Julie’s Cookies
Annual Christmas baking event allows church to make connections in small town.
Hawaiian snowballs, peanut butter reindeer, and Christmas Eve mice are just three of the 25 varieties of cookies to be consumed on Cookie Day at LeRoy Assembly of God. These sweet treats have enabled Julie Patterson to make a connection with the Kansas town of 550 people where her husband, Charlie, is pastor.Cookie Day is a tradition that dates back to the couple’s arrival in LeRoy 13 years ago. The event is now a massive undertaking, with Julie single-handedly baking 2,400 cookies each year.
“That first year, it was just the people in our church that came,” she says. “Every year it grows and we invite more people.” Residents, some who didn’t know the church existed, find their way to the fellowship hall in December to taste Julie’s concoctions. One of the crowd’s favorite baked cookies is also one of the simplest. Oreo bonbons are crushed Oreo cookies mixed with cream cheese and white chocolate.
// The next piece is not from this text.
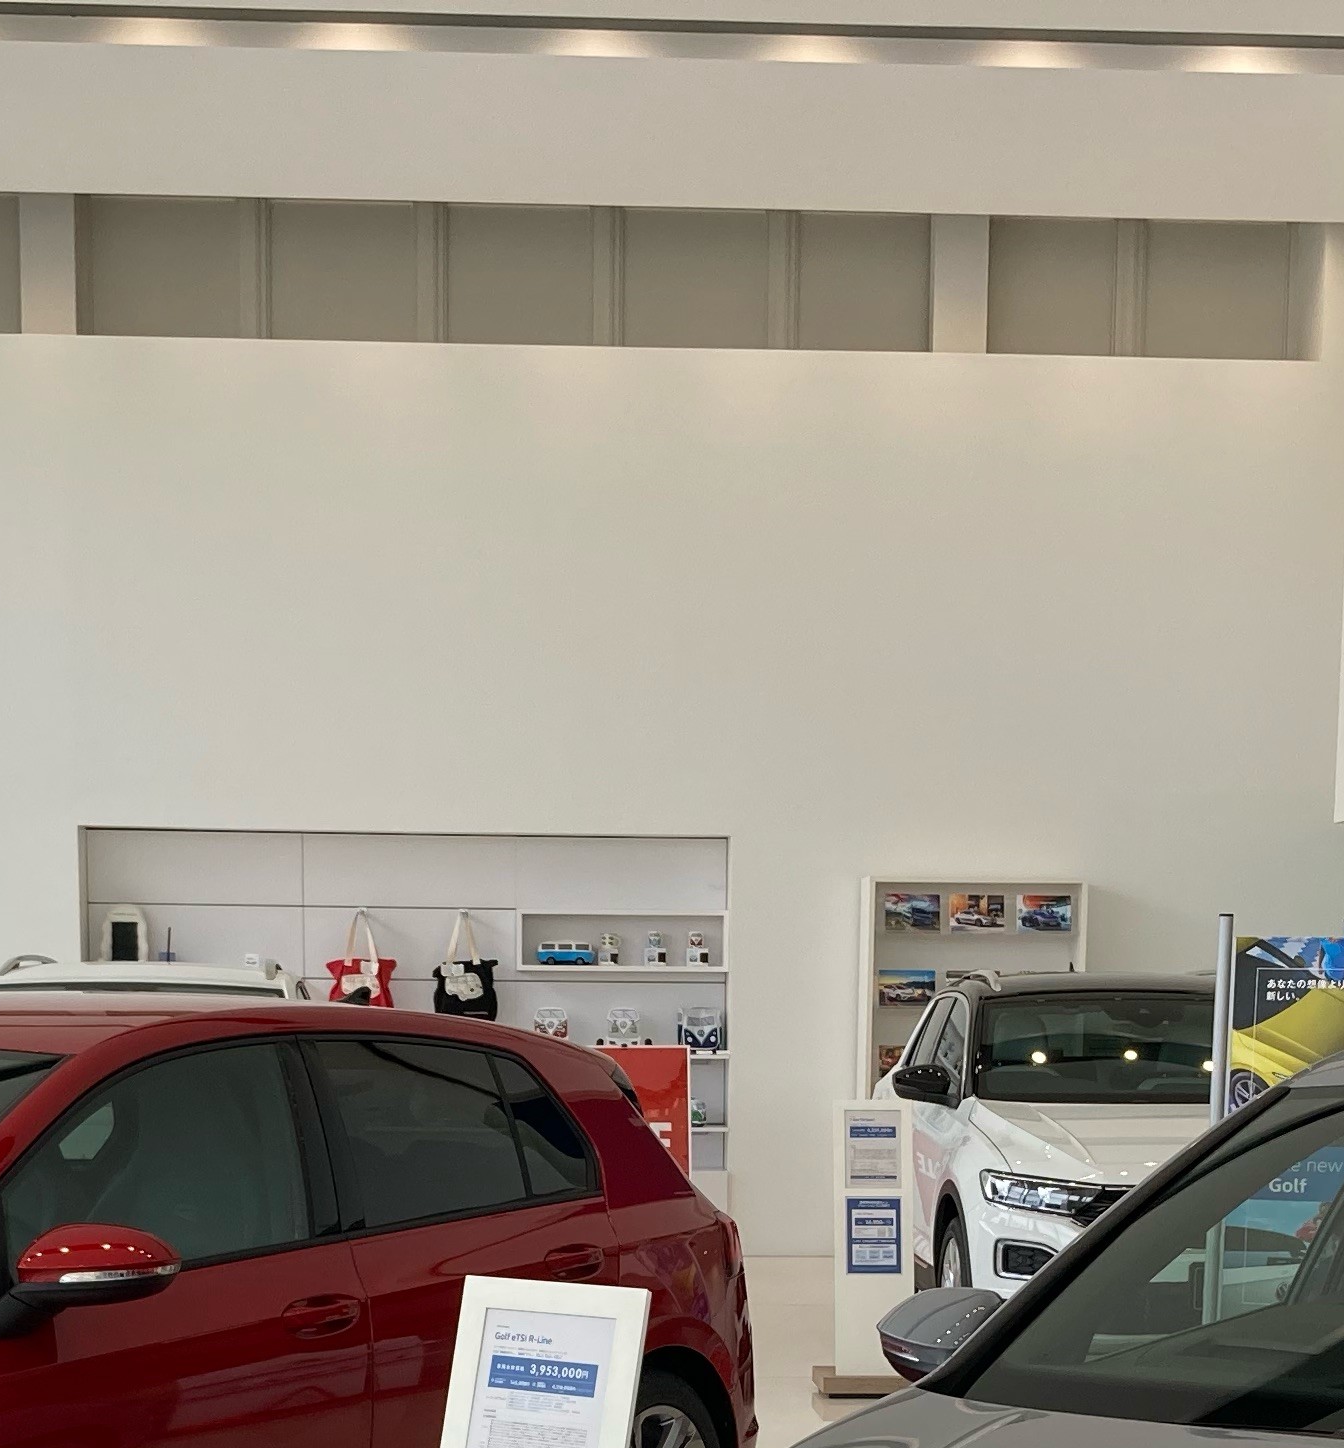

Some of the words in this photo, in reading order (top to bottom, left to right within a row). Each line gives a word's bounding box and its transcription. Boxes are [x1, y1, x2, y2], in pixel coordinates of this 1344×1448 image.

Patterson admires how the day encourages people to fellowship with one another.
“It’s people stopping during the busy part of the year, and they come in as a family and sit down and take time to visit with each other,” she says. Patterson also appreciates the joy that it brings.
“One of my favorite mottos is, Be the reason somebody smiles, and that’s what Cookie Day is,” she says.
The day after Cookie Day, LeRoy AG will partner with the only other congregation in town to provide a meal for all comers at a community Christmas dinner. The funds for this meal come from offerings given at community services the churches hold jointly. Julie’s cookies are served for dessert.
Charlie and Julie Patterson are both bivocational, working at LeRoy Cooperative Association, the local agricultural supply store, itself a hub of the rural town. Through their daily connections, as well as these annual events, the Pattersons reach those who may never set foot in church.
“One of the things that God had blessed us with is not only being able to pastor the people in the church, but in the whole community,” Charlie Patterson says. “We constantly get people who don’t go to any church, but when they have spiritual needs they come to Julie or me and ask us to pray for them or their family.”
Cookie Day for 2018 will be Dec. 20.